South Korean actor (born 1972)

Lee Jung-jae (born December 15, 1972) is a South Korean actor, filmmaker, and businessman. Considered one of South Korea's most successful actors, he has received numerous accolades, including a Primetime Emmy Award, an Actor Award, a Critics' Choice Television Award, six Baeksang Arts Awards, in addition to nominations for a Golden Globe Award and a Gotham Award. Lee is also a businessman who has launched a restaurant chain in Seoul and founded several companies, including the development firm Seorim C&D, some of which he co-owns with Jung Woo-sung.

Lee started his career as a fashion model, and gained popularity for his role in television drama Sandglass (1995). After his breakthrough in An Affair (1998), Lee's film career took off. He has starred in dramas such as City of the Rising Sun (1999), romantic films Il Mare (2000) and Last Present (2001), comedies such as Oh! Brothers (2003), action films Typhoon (2005) and Deliver Us from Evil (2020), thrillers The Housemaid (2010) and New World (2013), heist film The Thieves (2012), and espionage films Assassination (2015), Operation Chromite (2016) and Hunt (2022). He won Best Supporting Actor at the 50th Baeksang Arts Awards for his role in The Face Reader (2013).

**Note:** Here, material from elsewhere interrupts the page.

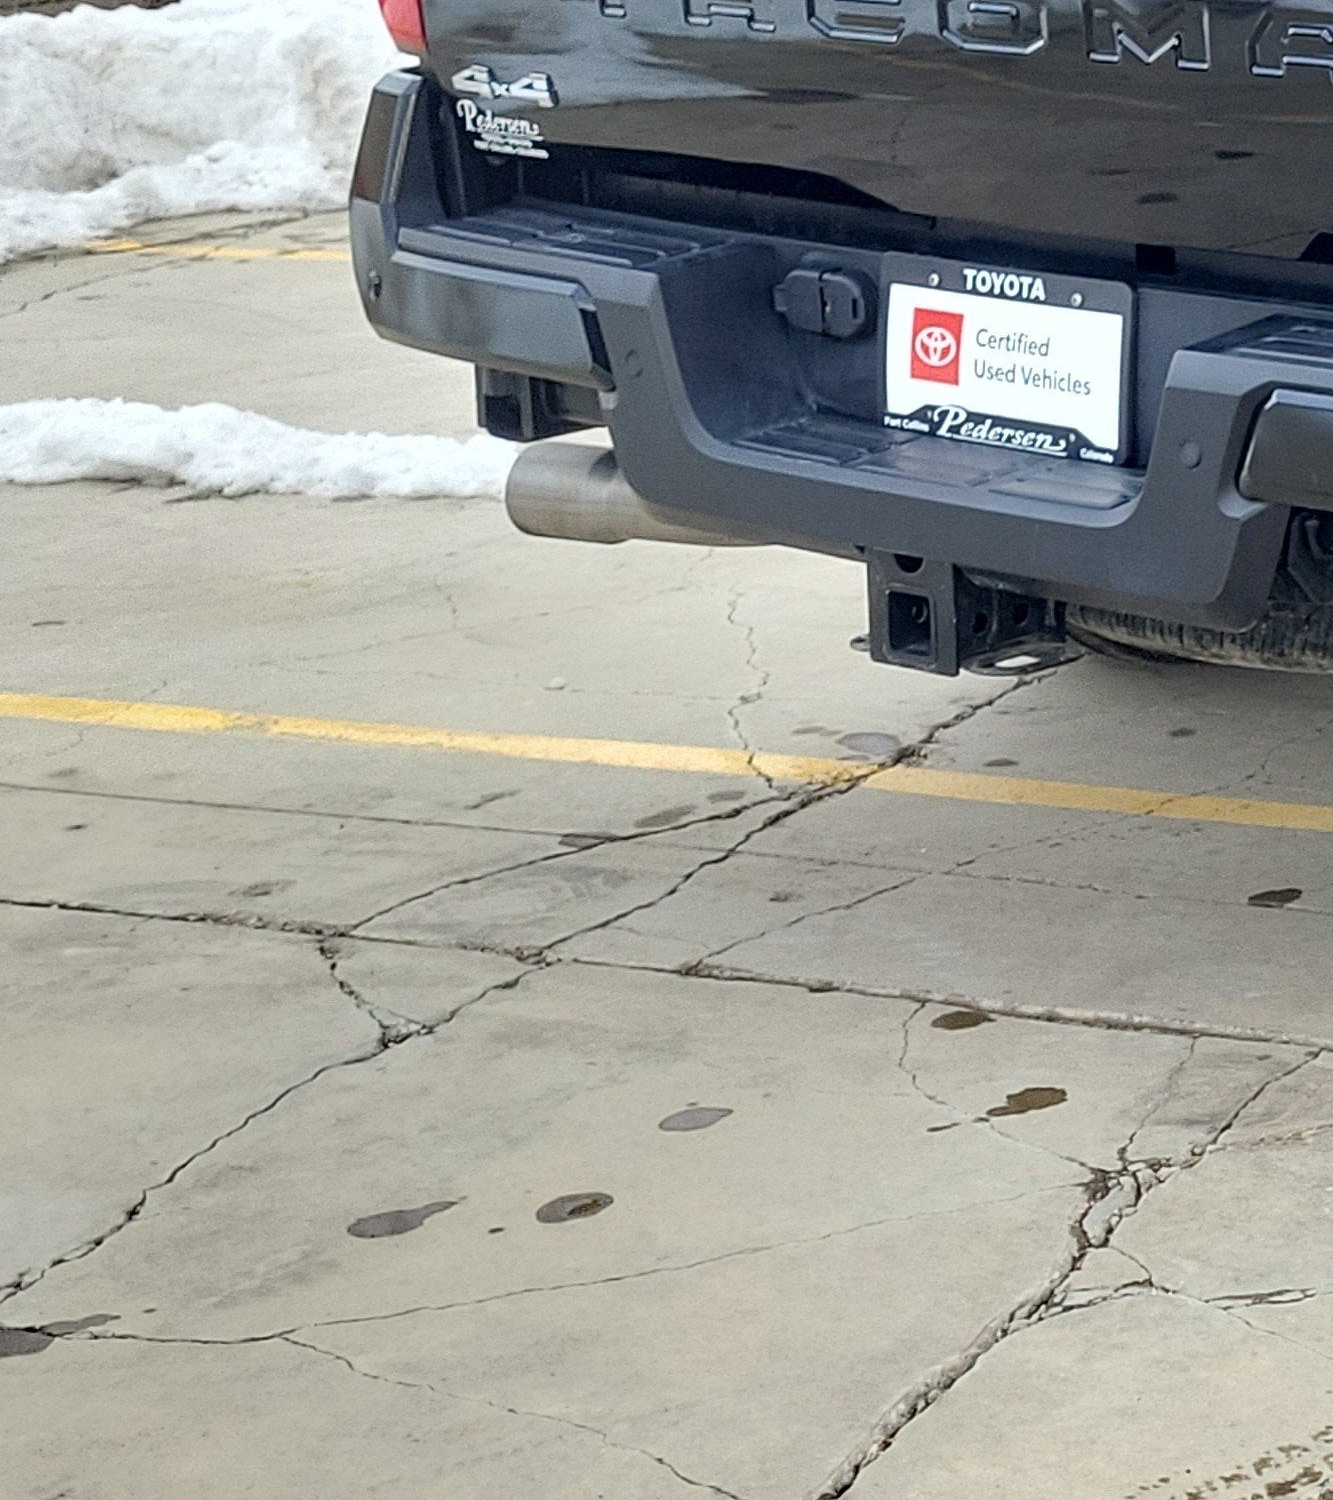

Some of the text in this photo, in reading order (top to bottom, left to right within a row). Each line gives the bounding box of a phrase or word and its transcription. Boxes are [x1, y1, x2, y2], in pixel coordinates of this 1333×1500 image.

In 2021, Lee gained international fame for his role as Seong Gi-hun of Netflix's Squid Game. For his performance in the show's first season, he was nominated for numerous accolades, including the Critics' Choice Television Award for Best Actor in a Drama Series, the Golden Globe Award for Best Actor – Television Series Drama, the Primetime Emmy Award for Outstanding Lead Actor in a Drama Series and the Screen Actors Guild Award for Outstanding Performance by a Male Actor in a Drama Series, making him the first male actor from Asia to receive individual nominations in those categories across all four awards shows, with his win for the latter two also making history. His season 2 and 3 portrayals received mixed reviews. In December 2021, he was selected as Gallup Korea's Film Actor of the Year. In 2022, Lee was awarded the Geumgwan (1st Class) Order of Cultural Merit, the highest decoration awarded to those who have contributed to South Korean culture and arts.

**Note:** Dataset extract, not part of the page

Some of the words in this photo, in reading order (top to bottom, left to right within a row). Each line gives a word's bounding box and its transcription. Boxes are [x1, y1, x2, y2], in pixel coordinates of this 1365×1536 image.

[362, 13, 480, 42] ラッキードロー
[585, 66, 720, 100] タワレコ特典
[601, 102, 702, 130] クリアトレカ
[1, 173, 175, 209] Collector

==Early life and education==
Lee Jung-jae was born on December 15, 1972, in the Jung District of Seoul. He enrolled at Dongguk University, and was awarded his master's degree from the university's Department of Theater & Film Art in the Graduate School of Cultural Arts, in August 2008. He made his first foray into theater in December of that same year, taking on the titular role in Hamlet in Water. The play ran for four days at his alma mater's Lee Hae-rang Theater.

==Career==
===1993–1999: Acting beginnings and breakout roles===
Lee was discovered by designer Ha Yong-soo while he was working at a café in Apgujeong-dong (located in the Gangnam District), then worked as a fashion model for a number of years. Upon making his acting debut with the 1993 TV drama Dinosaur Teacher, Lee became a star practically overnight, and was almost always cast in lead roles thereafter. A year later, he received favorable reviews for his first big screen role in Bae Chang-ho's The Young Man, but it was the 1994 hit campus drama Feelings that made him a household name.

In 1995, what was supposed to be a small supporting role as the heroine's silent, devoted bodyguard in ratings behemoth Sandglass turned Lee into a national heartthrob, such that his screen time was increased throughout the series' run.

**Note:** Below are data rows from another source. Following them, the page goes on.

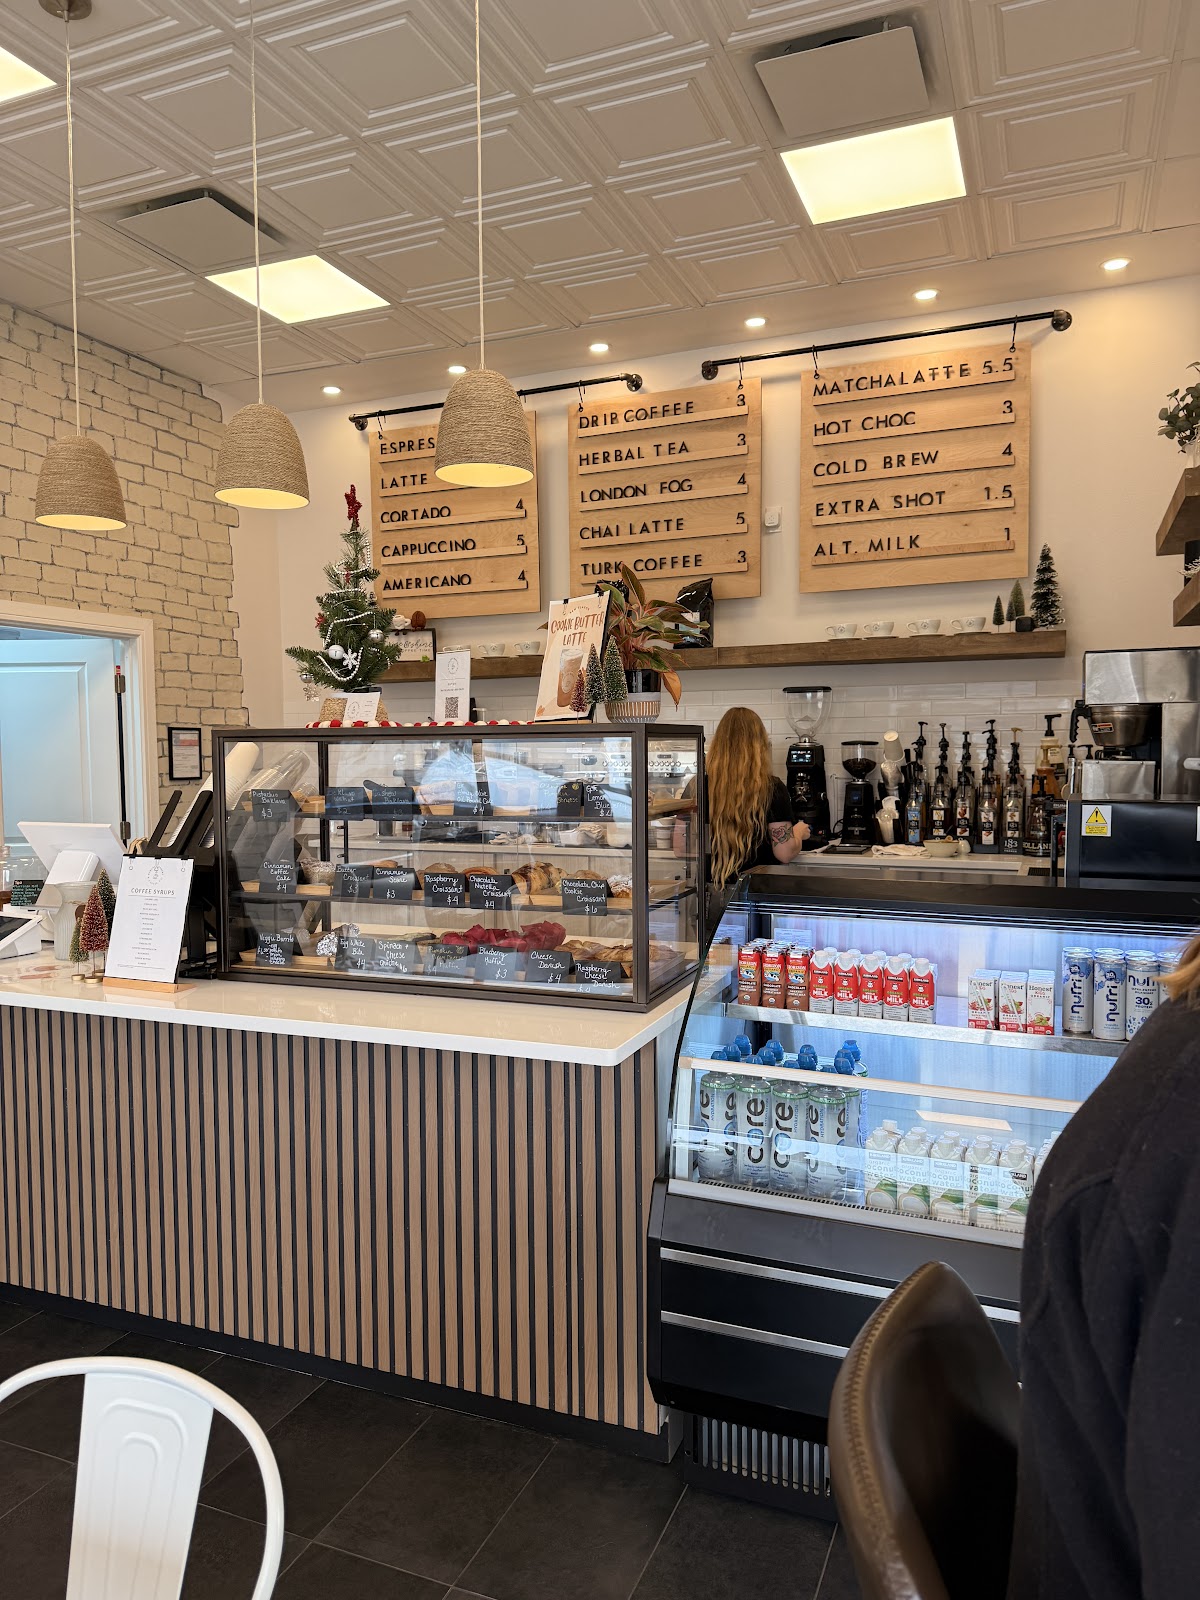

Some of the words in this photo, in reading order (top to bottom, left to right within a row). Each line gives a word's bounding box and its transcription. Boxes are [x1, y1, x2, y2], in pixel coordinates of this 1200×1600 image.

[578, 412, 619, 429] DRIP
[623, 401, 695, 422] COFFEE
[736, 394, 746, 407] 3
[814, 419, 852, 437] HOT
[861, 411, 916, 431] CHOC
[1002, 400, 1013, 414] 3
[380, 436, 435, 456] ESPRES
[579, 446, 645, 466] HERBAL
[653, 441, 690, 456] TEA
[736, 433, 747, 447] 3
[813, 458, 868, 477] COLD
[883, 450, 939, 469] BREW
[1002, 442, 1013, 456] 4
[380, 473, 429, 490] LATTE
[580, 483, 647, 503] LONDON
[659, 478, 693, 494] FOG
[736, 473, 747, 486] 4
[815, 498, 880, 517] EXTRA
[893, 491, 946, 509] SHOT
[984, 485, 1012, 500] 1.5
[380, 506, 451, 524] CORTADO
[515, 499, 525, 512] 4
[579, 525, 620, 541] CHAI
[629, 518, 685, 536] LATTE
[735, 512, 745, 525] 5
[380, 538, 476, 558] CAPPUCCINO
[516, 534, 525, 547] 5
[814, 540, 858, 557] ALT.
[868, 535, 920, 553] MILK
[1003, 527, 1011, 541] 1
[580, 560, 624, 576] TURK
[634, 554, 703, 573] COFFEE
[736, 550, 747, 564] 3
[382, 573, 472, 592] AMERICANO
[516, 569, 526, 582] 4
[551, 618, 573, 634] COOKIE
[574, 611, 605, 630] BUTTER
[563, 631, 587, 646] LATTE
[261, 807, 273, 819] $3
[473, 806, 485, 815] $4
[263, 861, 294, 870] Cinnamon
[375, 868, 408, 876] Cinnamon
[424, 874, 459, 886] Raspberry
[469, 875, 498, 884] Chocolate
[562, 880, 591, 888] Chocolate
[591, 881, 605, 889] Chip
[276, 884, 287, 893] $4
[432, 885, 463, 893] Croissant
[474, 883, 500, 891] Nutella
[564, 887, 583, 895] Cookie
[386, 890, 396, 899] $3
[482, 889, 512, 898] Croissant
[576, 894, 606, 903] Croissant
[446, 895, 459, 905] $4
[484, 899, 495, 909] $4
[340, 939, 350, 949] Egg
[378, 941, 403, 950] Spinach
[385, 950, 406, 959] Cheese
[478, 946, 508, 958] Blueberry
[530, 951, 554, 960] Cheese
[356, 959, 366, 970] $4
[484, 957, 505, 966] Muffin
[538, 960, 565, 969] Danish
[576, 963, 612, 973] Raspberry
[495, 969, 508, 980] $3
[548, 974, 562, 984] $4
[584, 972, 608, 980] Cheese
[592, 979, 620, 989] Danish
[886, 996, 903, 1004] MILK
[746, 1097, 765, 1163] core
[773, 1102, 793, 1168] core

However, that success would be cut short because shortly after, he would be called up for National Service.

In 1997, following his return from the military, his career went into a slight decline. It was then he decided to return to acting school by enrolling into Dongguk University's Department of Theatre & Film.

Lee's acting breakthrough would come in late 1998 in the award-winning film An Affair by E J-yong. This was followed up by another success, City of the Rising Sun, for which he won Best Actor at the Blue Dragon Film Awards and the Korean Association of Film Critics Awards.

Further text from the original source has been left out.